BEGIN
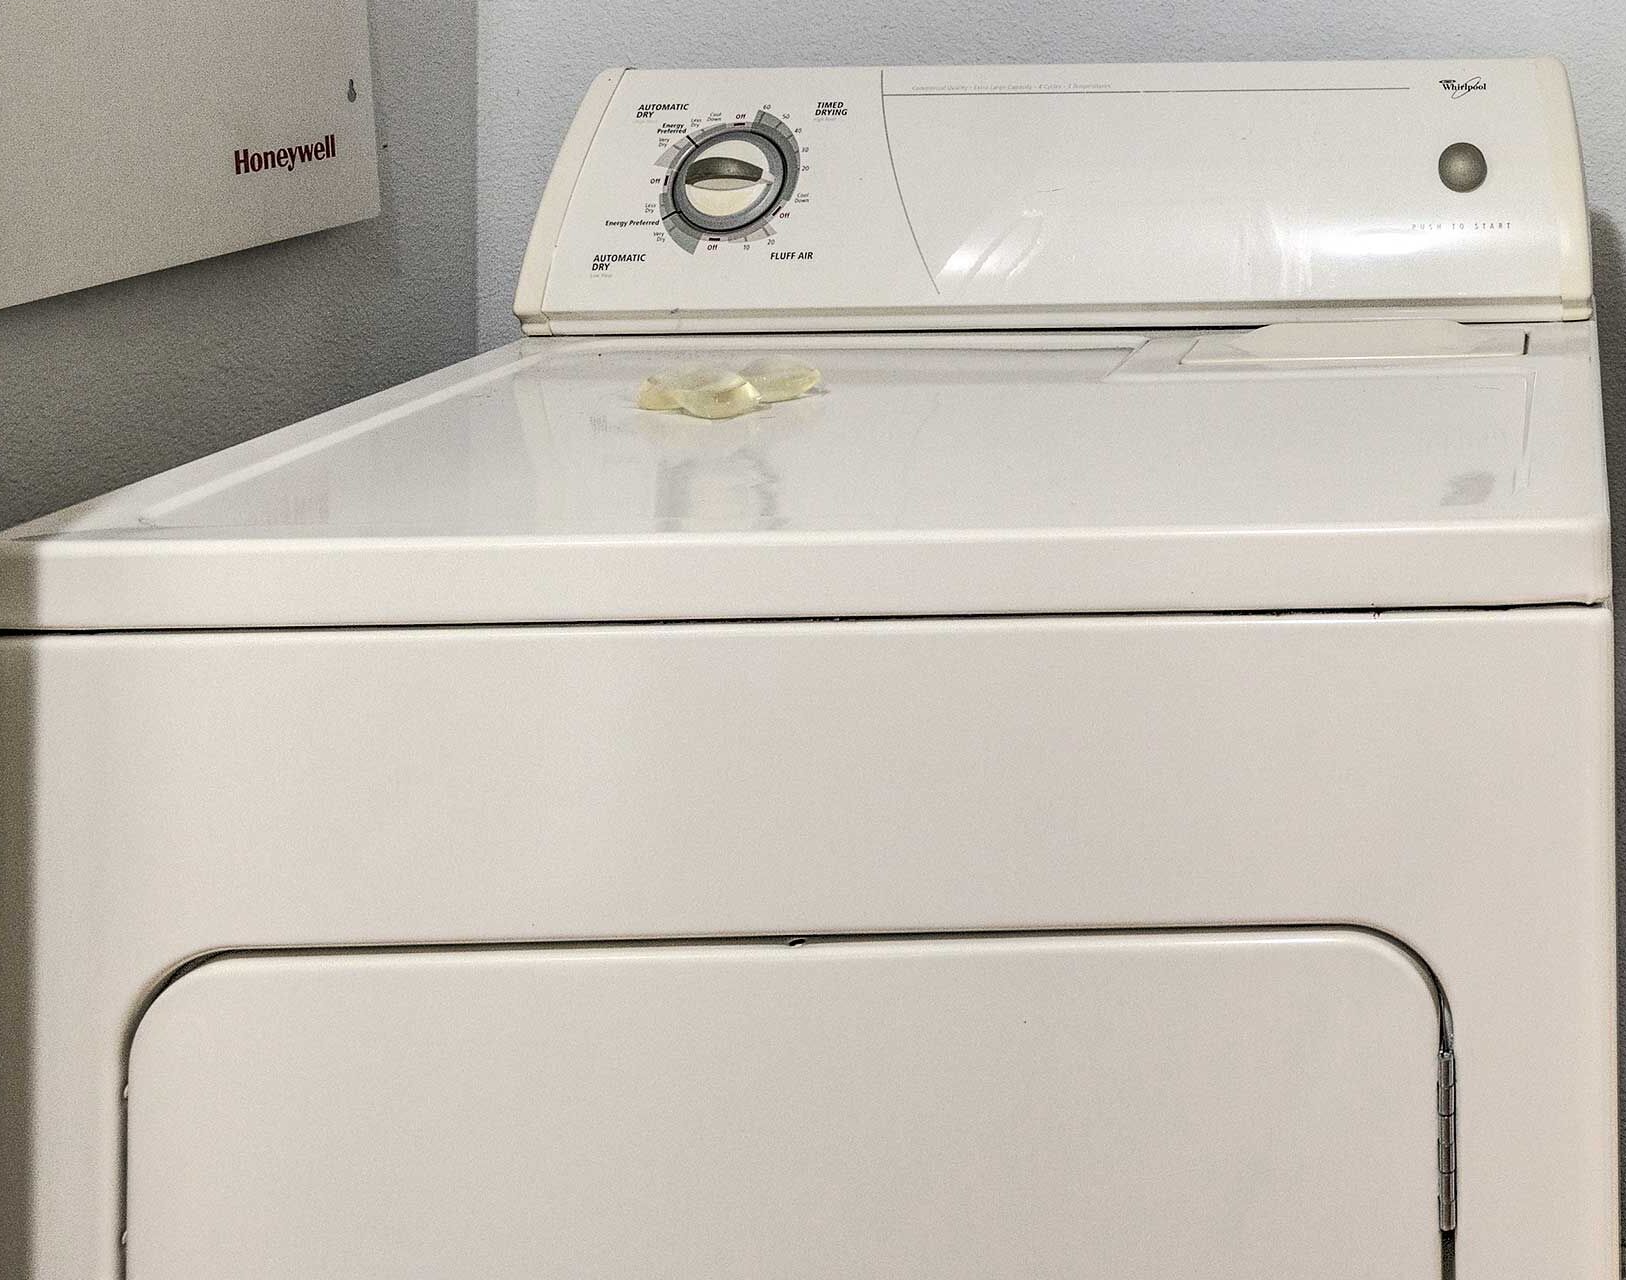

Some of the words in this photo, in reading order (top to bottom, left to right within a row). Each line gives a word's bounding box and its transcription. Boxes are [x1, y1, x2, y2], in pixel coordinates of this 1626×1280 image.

[1441, 79, 1487, 93] Whirlpool
[638, 103, 690, 111] AUTOMATIC
[817, 101, 844, 109] TIMED
[815, 108, 848, 116] DRYING
[234, 134, 336, 175] Honeywell
[650, 177, 661, 185] Off
[1474, 222, 1511, 230] START
[593, 253, 647, 262] AUTOMATIC
[770, 251, 796, 260] FLUFF
[797, 251, 814, 260] AIR
[591, 263, 610, 271] DRY
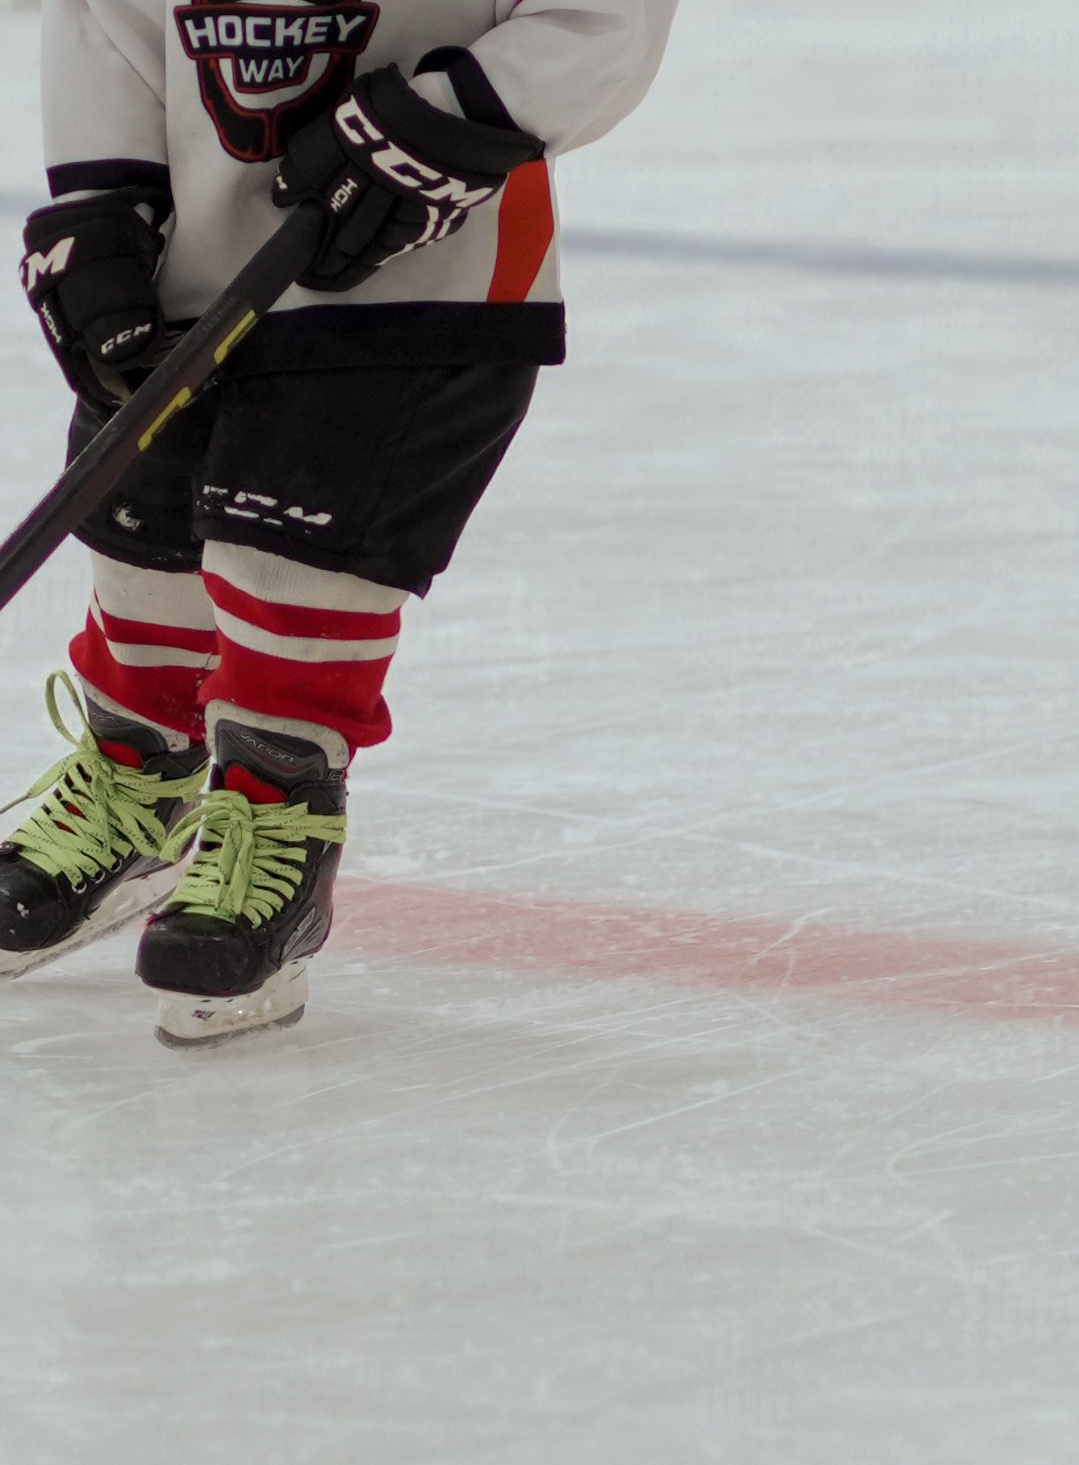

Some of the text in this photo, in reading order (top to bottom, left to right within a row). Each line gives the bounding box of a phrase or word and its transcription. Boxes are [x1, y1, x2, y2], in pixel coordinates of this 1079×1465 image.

[184, 14, 367, 49] HOCKEY
[238, 55, 306, 83] WAY
[334, 94, 494, 208] CCM
[101, 323, 152, 354] CCM
END
=== Exercise goal ===
Print the listing exactly, minus its pictures.

=== Answer to the exercise ===
Some of the words in this photo, in reading order (top to bottom, left to right within a row). Each line gives a word's bounding box and its transcription. Boxes are [x1, y1, x2, y2], in pixel coordinates of this 1626×1280 image.

[1441, 79, 1487, 93] Whirlpool
[638, 103, 690, 111] AUTOMATIC
[817, 101, 844, 109] TIMED
[815, 108, 848, 116] DRYING
[234, 134, 336, 175] Honeywell
[650, 177, 661, 185] Off
[1474, 222, 1511, 230] START
[593, 253, 647, 262] AUTOMATIC
[770, 251, 796, 260] FLUFF
[797, 251, 814, 260] AIR
[591, 263, 610, 271] DRY

Some of the text in this photo, in reading order (top to bottom, left to right within a row). Each line gives the bounding box of a phrase or word and its transcription. Boxes are [x1, y1, x2, y2], in pixel coordinates of this 1079×1465 image.

[184, 14, 367, 49] HOCKEY
[238, 55, 306, 83] WAY
[334, 94, 494, 208] CCM
[101, 323, 152, 354] CCM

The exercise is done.